Furthermore (you knew there had to be a furthermore!), I did not ask what Easter meant. I guess this advocate of Christianity heard in my “just another Sunday” response a cry for help, for understanding - or perhaps I wanted to be saved? Needless to say, not so. Here’s the deal… this is what Easter meant (past tense) to me: When I was a kid, it was about the Easter Bunny, coloring eggs and finding them on Easter morning. When I had young kids, it was about coloring Easter Eggs, the Easter Bunny and hiding the eggs early on Easter morning. Now, it’s just another Sunday. I expect that when I have grandchildren, the ritual will start all over again and I’m fine with that.

The best quality about my spiritual beliefs is that they are unique. I don’t think I could explain it even if I wanted to and I never even try unless asked. That means I am not trying to solicit or recruit followers nor am I promoting my beliefs. Although they work for me, I have no way of knowing if they’ll work for anyone else, but I am happy to try to explain if asked. By the same token, if I ask someone else, then I am listening – genuinely and without any facetious comments. I am not close-minded, I have asked… and listened. However, if you hear me talking to a friend and I happen to mention Easter and I “get it wrong,” please don’t try to educate me, I may be tempted to say something very unspiritual - and neither of us wants that.

Thursday, April 13, 2006

Memory Lane

I guess I had unrealistic expectations. Actually, that’s not exactly true; my expectations were right on the money. I knew I would see what I saw – no big surprises there. And I know that things change, often times for the better. They call it progress… I suppose that depends on one’s point of view. All the same, for some reason, this time I really miss the way things were.

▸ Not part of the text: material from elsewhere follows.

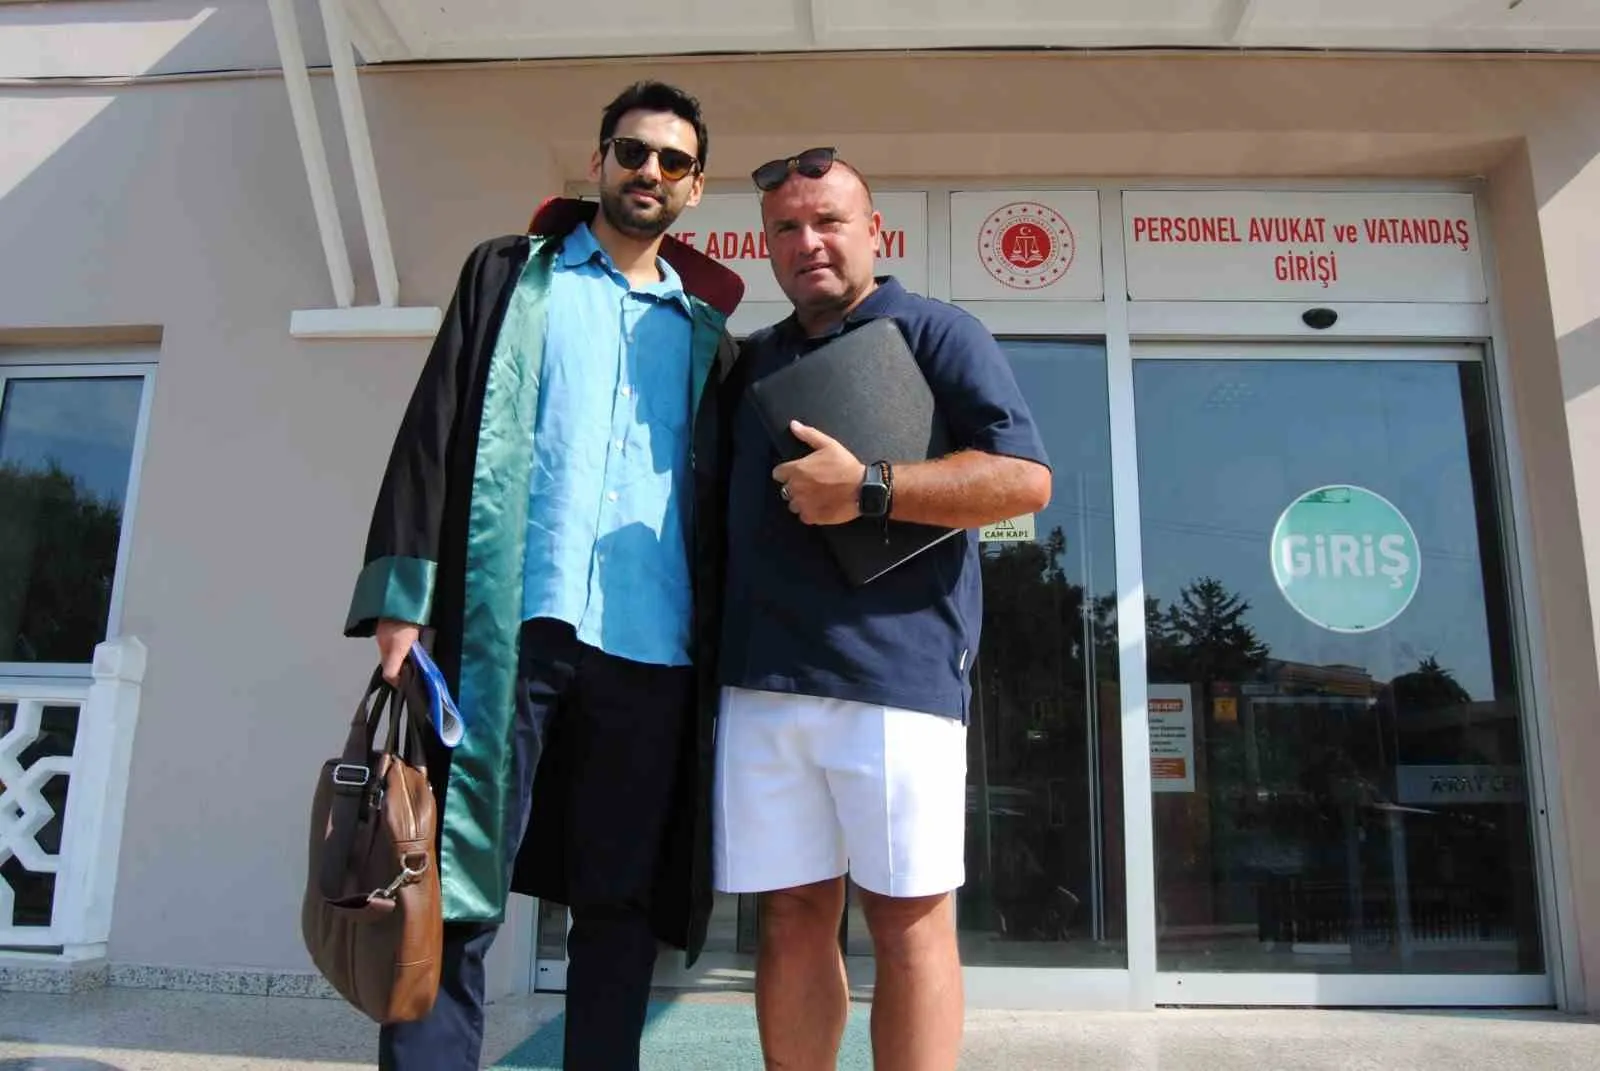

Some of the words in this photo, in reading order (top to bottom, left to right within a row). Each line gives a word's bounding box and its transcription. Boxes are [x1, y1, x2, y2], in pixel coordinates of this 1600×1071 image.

I don’t have any but the sketchiest of memories of my first two homes. When I was only about three or four, my parents bought the home they still live in today. My youth was spent entirely in this sleepy little Santa Clara Valley hamlet. Known for its acres and acres of fruit orchards - cherries, plumbs, peaches - this part of the valley was mostly consisted of apricot orchards. Everyone's yard had three or four trees. However, by the time I had graduated high school in 1981, the valley was known by a much different name: Silicon Valley.

Los Altos has always been a middle-class suburb. Full disclosure? Ok, a white middle-class suburb. I’m not sure how it is that I did not grow up to be racist… credit my parents, the social atmosphere of living through the height of the civil rights movement or maybe it was an associative effect of being so close to Stanford University. We were also within a short drive of the likes of Berkeley, San Francisco or the city next-door and home of Stanford - Palo Alto, where technology, not race, reigned supreme. It was (and still is, I guess) what was referred to as “a bedroom community,” whatever that means.

This was a safe place to raise kids. I think it probably still is, but you won’t see the kids experiencing the same mobility I did in my youth. There was a time when kids of all ages were everywhere, usually riding their bikes. My elementary school (which is still there) is two long suburbian blocks away, probably about half a mile. By the time I was in first grade – just a boy of five going on six – I was riding my Sears Free-Spirit one speed bike to and from school by myself. Ok, not exactly by myself, there were a few other kids making the same trek. That just doesn’t happen today.

Money changes things. More of it inflates and less of it deflates. Los Altos has inflated. Granted, this was no skid row when I was a kid; it was a town of working professionals. Most of the moms stayed at home (we called them “housewives” then - nobody seemed to mind) and the dads worked hard and often long hours – not so much with their brawn, but with their college educated brains. It was very Beaver Cleaver around here and it is only in retrospect that I can say I really liked it. I couldn’t have asked for a more idyllic childhood – comfortable, but not pretentious.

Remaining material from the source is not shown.